Good Walls seldom make Good Neighbours
B. Meenakshi Sundaram
American
poet Robert Frost cast a cold eye on the walls that divide mankind literally
and figuratively in his famed poem Mending
Wall. The verse, with its ambiguous, but subtle character, has been
understood from different perspectives ever since it appeared in the book North of Boston in 1914. The enduring
poem has reflected such walls, particularly the Berlin Wall, which divided the
capitalist Western from Communist Eastern Europe. But the wall, whose collapse
has killed 17 people at Nadur in Mettupalayam, is just a ‘wall’ and nothing
more than that. The most surprising information,
which the stories failed to highlight, was that the wall being taller than the
Berlin Wall!
Frost
introduces two neighbours in his Mending
Wall. Of them, one is against the concept of walls dividing people and the
other believing in it for making good neighbours. Though it was difficult to
discover Robert Frost’s stance on constructing walls, Lawrence Raab, a poet-critic,
finally cracked the puzzle in a line from the poem “Something that undermines
walls in winter is ‘frost’” Raab assumes that Robert Frost, by using the word ‘frost ‘in the
line, hints at his stance against constructing walls.
Walls
have played active roles in dividing people and causing bloodshed on earth.
According to the Illiad the high and
steep walls of Troy withstood a ten-year siege by the Greeks. The walls must
have watched the decade-long battle between the Greeks and Trojans resulting in
numerous deaths. The Great Wall of China too developed from border
fortifications and castles of individual Chinese kingdoms, which were with the
threat of barbarian raids and invasions.
Still,
some walls were beautiful as the mud-baked walls of a house, on which, the
villagers, with candles and lanterns, threw their ‘giant scorpion shadows’ when
they searched for a scorpion that stung a woman by the night in the popular
poem Night of the Scorpian by Nissim
Ezekiel.
Another
mud-baked wall in a village took the glory of a Kongu folk epic to new
horizons.
Brenda
Beck, the Canadian anthropologist, who came to the village Olapalayam near
Kangeyam in 1965, documented the complete Kongu folk epic – the Annanmar Kadhai. Titling it as The Legend of Ponnivala, she got the
oral tale digitalized and made it available even in tabs and smart phones.
“I
remember that there were about 50 people sitting in a semicircle on the ground and
enjoying the performance of Annanmar
Kadhai that night. As Olapalayam was an un-electrified village then, the folklorist
performed the show in the light of a Theepantham
(flambeau). I observed the vivid movements of his giant shadow fall on the
wall behind him. The scene triggered an idea in me that I should make Annanmar Kadhai into an animated form
some time in future” Beck said.
It is
interesting to trace another wall on the eastern borders of Kongunadu. The Chera,
Chola and Pandya kings once held a meeting at Chellandiamman Temple at
Madukkarai near Kulittalai of
Tiruchirapalli and built a rampart, stretching from Madukkarai till Kollimalai
to demarcate their jurisdictions. Nevertheless, the myth-loving people of Tamil
Nadu still believe that the ‘Madukkarai Wall’ was erected
in an overnight by Goddess Chellandiamman !
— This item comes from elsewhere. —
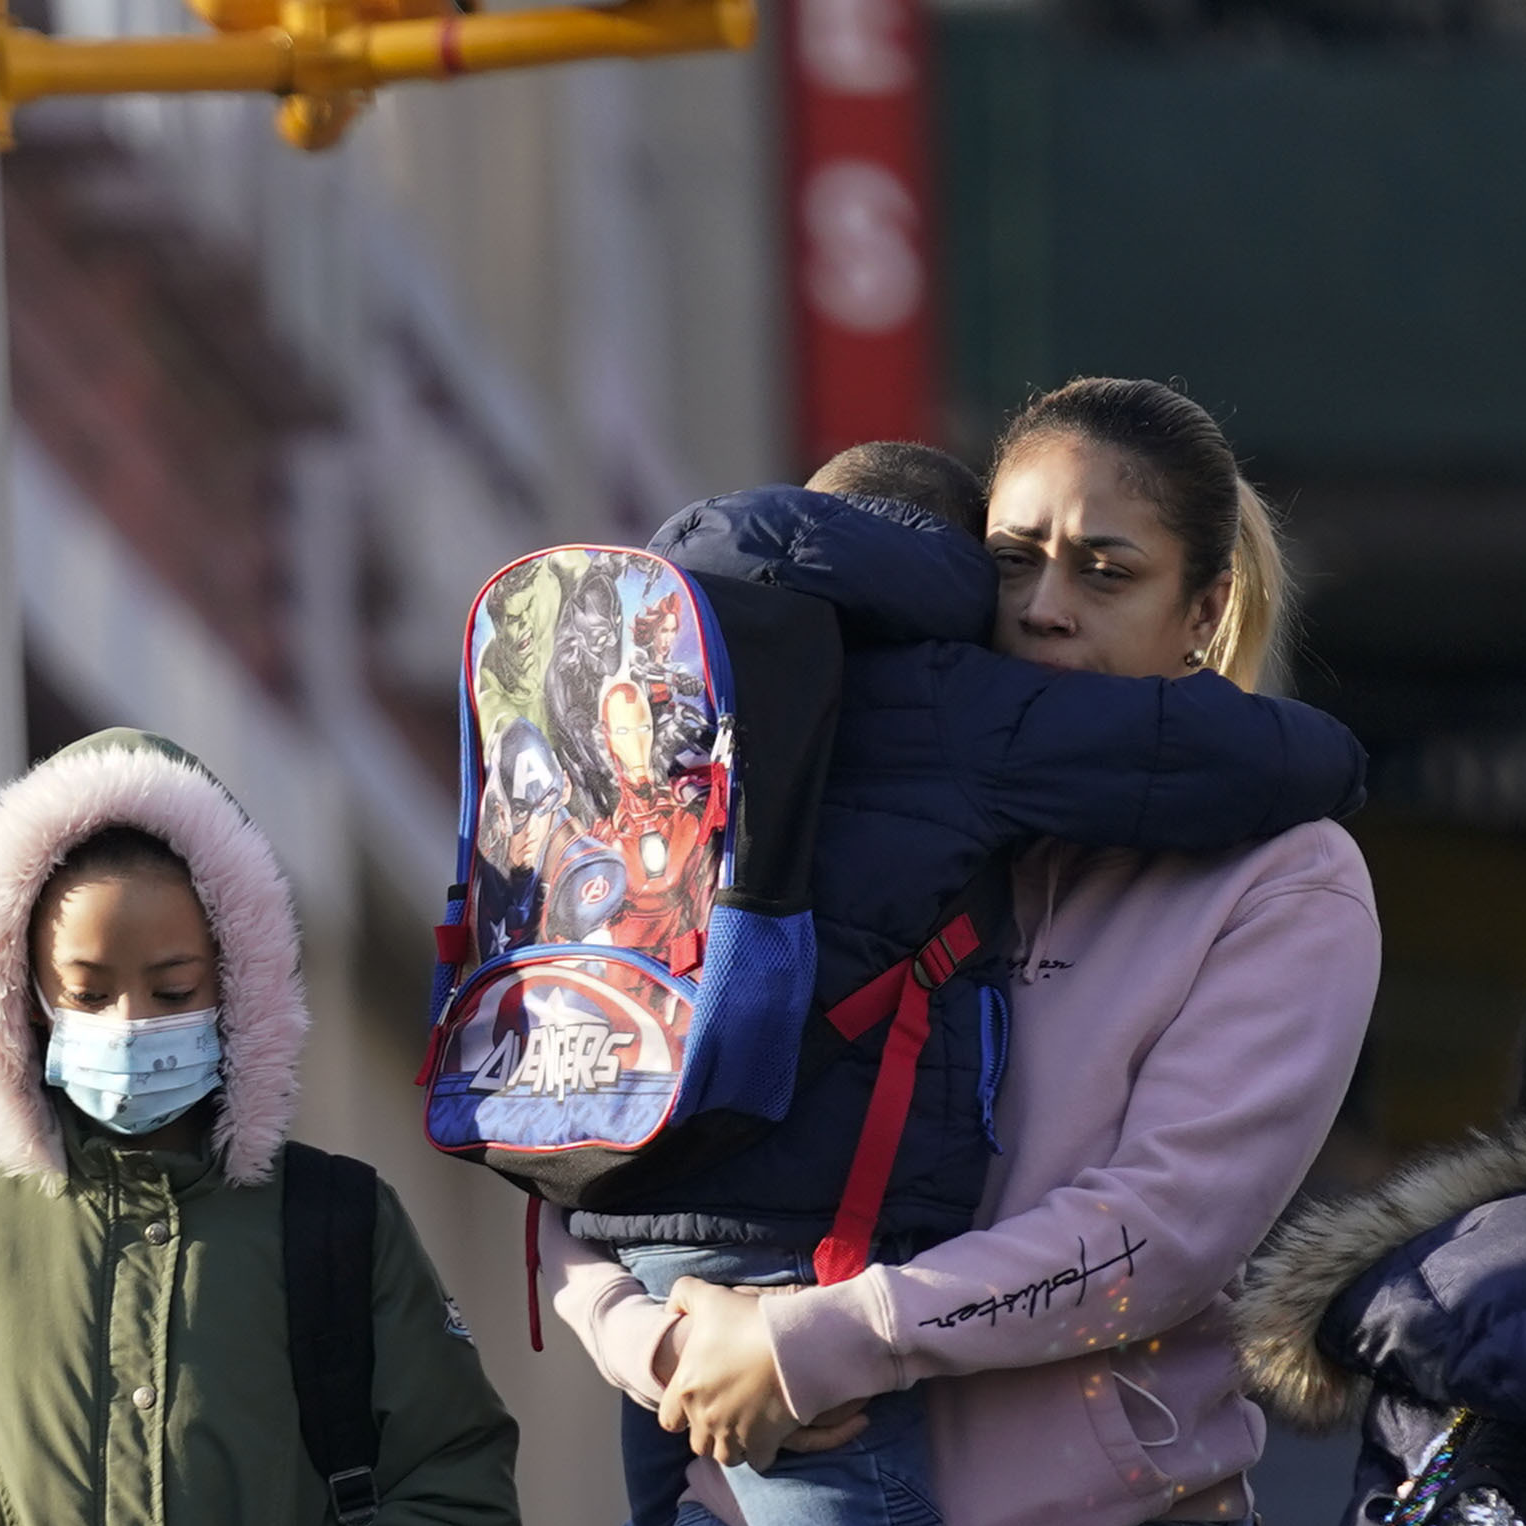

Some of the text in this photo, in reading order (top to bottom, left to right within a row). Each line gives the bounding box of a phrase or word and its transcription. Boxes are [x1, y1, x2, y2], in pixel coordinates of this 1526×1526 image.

[512, 748, 553, 800] A
[467, 1023, 636, 1104] AVENGERS
[918, 1224, 1148, 1336] Hollister
Coimbatore too has a ‘Madukkarai’ on its western border. Located at
the very opening of the Palakkad Gap, Madhukkarai,
as its Tamil expression literally suggests, is not an ‘embankment of wine’, but
corruption of ‘Madhil Karai’ (wall built to mark a region’s boundary). Like the
Chellandiamman Temple at the Madukkarai of Kulittalai, the shrine of the same
deity is found in the Madukkarai of Coimbatore too.
The Berlin
Wall, the Walls of Troy, the Great Wall of China, the Madukkarai Wall and the
now-demolished Wall of Nadur can never be as beautiful as the wall in Night of the Scorpion, and the wall that
depicted the giant shadows of the performing folklorist.